Work instruction: Word for word, retype every entry in the listing.

Records for this exercise:

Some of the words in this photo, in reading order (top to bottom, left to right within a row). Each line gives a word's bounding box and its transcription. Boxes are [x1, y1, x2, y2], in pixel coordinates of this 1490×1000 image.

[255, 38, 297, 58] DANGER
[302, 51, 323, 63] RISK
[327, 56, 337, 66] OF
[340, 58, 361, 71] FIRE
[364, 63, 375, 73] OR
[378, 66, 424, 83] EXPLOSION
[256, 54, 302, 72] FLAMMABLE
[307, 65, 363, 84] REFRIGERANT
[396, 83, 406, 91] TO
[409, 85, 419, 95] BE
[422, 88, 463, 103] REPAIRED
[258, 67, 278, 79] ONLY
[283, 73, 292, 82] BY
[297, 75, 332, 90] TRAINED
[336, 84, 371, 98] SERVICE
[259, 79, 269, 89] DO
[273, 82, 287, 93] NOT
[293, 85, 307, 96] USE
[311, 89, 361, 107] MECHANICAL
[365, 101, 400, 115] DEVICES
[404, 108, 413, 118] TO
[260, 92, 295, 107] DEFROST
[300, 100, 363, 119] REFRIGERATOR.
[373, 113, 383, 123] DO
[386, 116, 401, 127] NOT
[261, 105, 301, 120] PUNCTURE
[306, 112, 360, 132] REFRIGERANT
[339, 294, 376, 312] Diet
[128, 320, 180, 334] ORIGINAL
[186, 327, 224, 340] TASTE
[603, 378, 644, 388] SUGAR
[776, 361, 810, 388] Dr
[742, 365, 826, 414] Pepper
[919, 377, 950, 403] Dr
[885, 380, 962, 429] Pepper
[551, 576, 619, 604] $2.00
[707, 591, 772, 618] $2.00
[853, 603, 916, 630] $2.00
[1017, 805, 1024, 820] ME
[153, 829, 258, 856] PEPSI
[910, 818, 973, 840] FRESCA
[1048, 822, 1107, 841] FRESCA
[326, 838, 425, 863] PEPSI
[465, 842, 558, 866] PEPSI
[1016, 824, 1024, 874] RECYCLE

Your solution:
Some of the words in this photo, in reading order (top to bottom, left to right within a row). Each line gives a word's bounding box and its transcription. Boxes are [x1, y1, x2, y2], in pixel coordinates of this 1490×1000 image.

[255, 38, 297, 58] DANGER
[302, 51, 323, 63] RISK
[327, 56, 337, 66] OF
[340, 58, 361, 71] FIRE
[364, 63, 375, 73] OR
[378, 66, 424, 83] EXPLOSION
[256, 54, 302, 72] FLAMMABLE
[307, 65, 363, 84] REFRIGERANT
[396, 83, 406, 91] TO
[409, 85, 419, 95] BE
[422, 88, 463, 103] REPAIRED
[258, 67, 278, 79] ONLY
[283, 73, 292, 82] BY
[297, 75, 332, 90] TRAINED
[336, 84, 371, 98] SERVICE
[259, 79, 269, 89] DO
[273, 82, 287, 93] NOT
[293, 85, 307, 96] USE
[311, 89, 361, 107] MECHANICAL
[365, 101, 400, 115] DEVICES
[404, 108, 413, 118] TO
[260, 92, 295, 107] DEFROST
[300, 100, 363, 119] REFRIGERATOR.
[373, 113, 383, 123] DO
[386, 116, 401, 127] NOT
[261, 105, 301, 120] PUNCTURE
[306, 112, 360, 132] REFRIGERANT
[339, 294, 376, 312] Diet
[128, 320, 180, 334] ORIGINAL
[186, 327, 224, 340] TASTE
[603, 378, 644, 388] SUGAR
[776, 361, 810, 388] Dr
[742, 365, 826, 414] Pepper
[919, 377, 950, 403] Dr
[885, 380, 962, 429] Pepper
[551, 576, 619, 604] $2.00
[707, 591, 772, 618] $2.00
[853, 603, 916, 630] $2.00
[1017, 805, 1024, 820] ME
[153, 829, 258, 856] PEPSI
[910, 818, 973, 840] FRESCA
[1048, 822, 1107, 841] FRESCA
[326, 838, 425, 863] PEPSI
[465, 842, 558, 866] PEPSI
[1016, 824, 1024, 874] RECYCLE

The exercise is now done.